If a small business owner sees that if he takes a million dollars out of that business as income for himself, he is going to magically see it shrink by whatever the top marginal rate is, but if he keeps it inside the business, he is still going to have some asset that is worth a million dollars, and even increase the sort of assets that will create more wealth.

This is the diversion that conservatives often engage in, they comfuse wealth creation with profit creation.

In the last 80 plus years, every large tax cut has led to recession, depression, economic bubbles, small tax cuts have created relatively stagnant economies (the period between the tax cuts made by Lyndon Johnson and well into the Nixon administration saw a zero market growth), the Reagan administration was bookended with recessions and then the S&L failures, the slight tax increase of the Clinton years led to the greatest market growth in history.

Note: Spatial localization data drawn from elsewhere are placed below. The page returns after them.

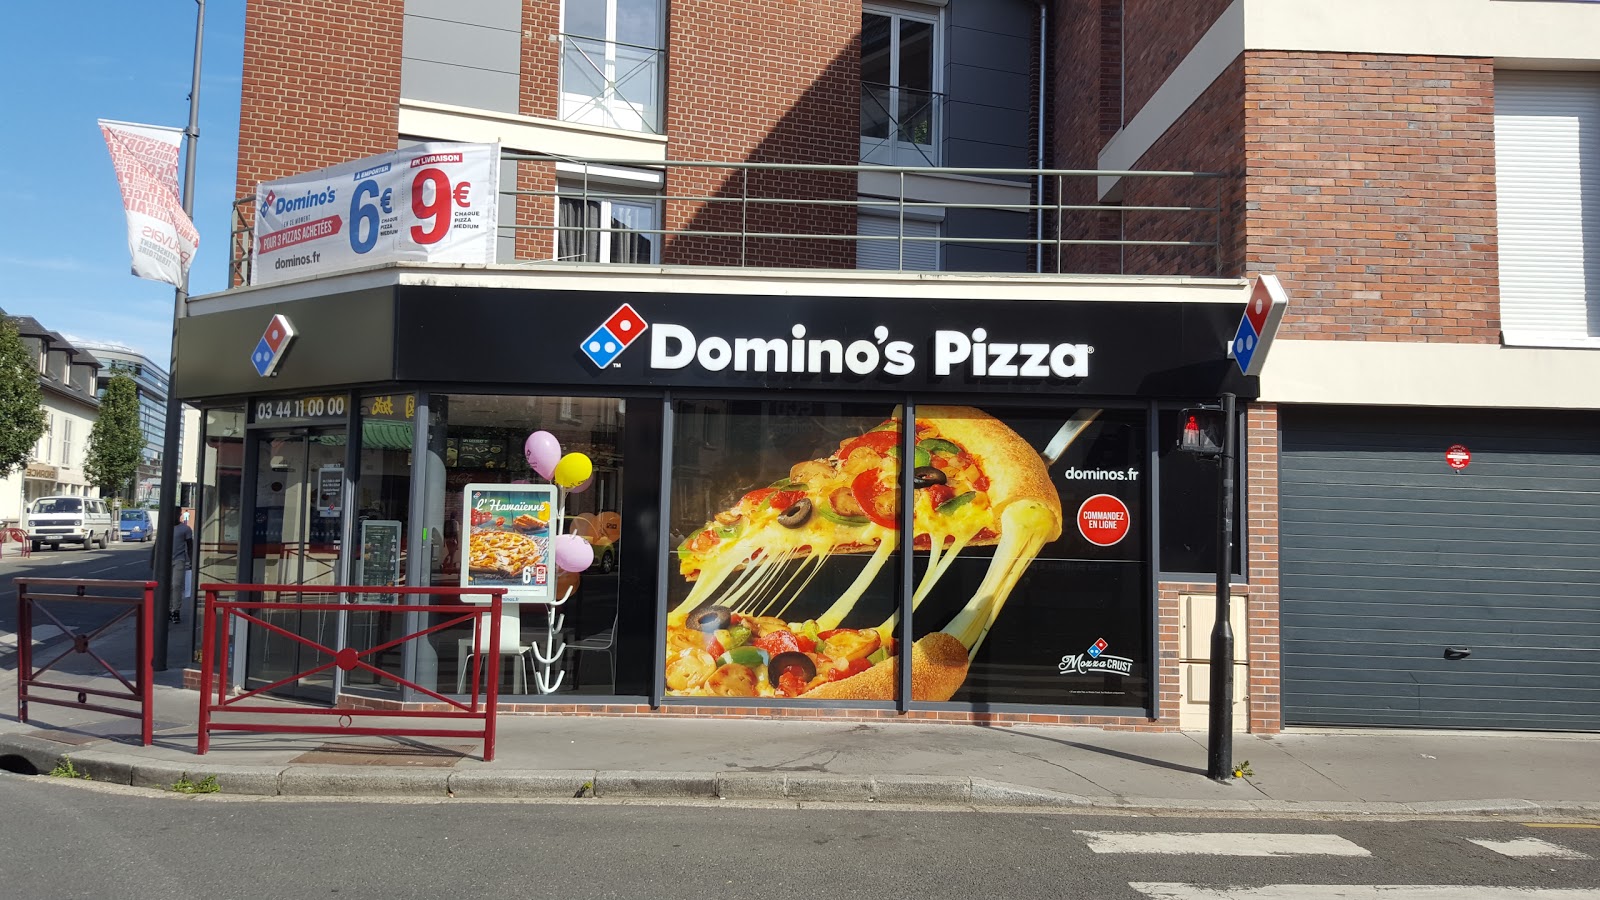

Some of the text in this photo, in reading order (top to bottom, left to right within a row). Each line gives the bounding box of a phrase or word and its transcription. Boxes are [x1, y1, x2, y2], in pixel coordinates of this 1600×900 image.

[421, 155, 460, 165] LIVRAISON
[361, 165, 389, 178] EMPORTER
[276, 185, 336, 215] Domino's
[295, 215, 311, 225] MOMENT
[381, 216, 398, 224] CHAQUE
[263, 236, 277, 251] POUR
[277, 235, 282, 246] 3
[282, 230, 301, 246] PIZZAS
[275, 251, 321, 270] dominos.fr
[650, 323, 916, 376] Domino's
[258, 397, 344, 419] 03 44 11 00 00
[1065, 466, 1139, 481] dominos.fr
[1083, 511, 1124, 520] COMMANDEZ
[1088, 520, 1117, 529] EN LIGNE
[1058, 653, 1133, 675] Mozza CRUST

Between 1921 and 1925, conservative administration gave three tax cuts, the first two relatively small, but the one in 1925 was relatively large, down to 25 percent. The Great Depression followed.

Why.

Because low taxes encourage diferent investment behaviors. High taxes create incentives for the business owner to earn money the hard way. By creating and growing businesses, hiring new employees, opening new plants or stores. Anything to actually avoid paying the taxes.

On the other hand when taxes are low, business owners are inclined to take money out of those businesses and then go looking for other ways of making money. Usually they do so by investing in the stock market, usually looking for some hot sector that other people seem to be making a bundle in and then they go right to those markets as well which heats them until they form a nice big bubble that is ready to burst and usually does.

High taxes encourage earning money by creating something of long term value that will bring in a small, but regular profit consistantly over time. It creates wealth for the entire community.

Low taxes encourage the speculative behavior that has caused every cycle of boom and bust for the last 90 years. Consistantly. Like clockwork.

David Stockman, Reagans economic czar, reports that when they they first started cutting taxes, they waited for signs that those who got the large cuts would start REINVESTING their money into their businesses. It never happened.They had no incentive to do so.

Blazing the new frontier under Obama

Just curious....what are we risking? House, job, income, savings/retirement, freedom of choice for socialism? In Obama's speech he referenced taking a risk and not for the fainthearted, etc...what risk are we taking and what risk is he taking? How will he suffer in any way shape or form? Popularity vote?

why are small business tax cuts bad and how do they negatively affect the economy???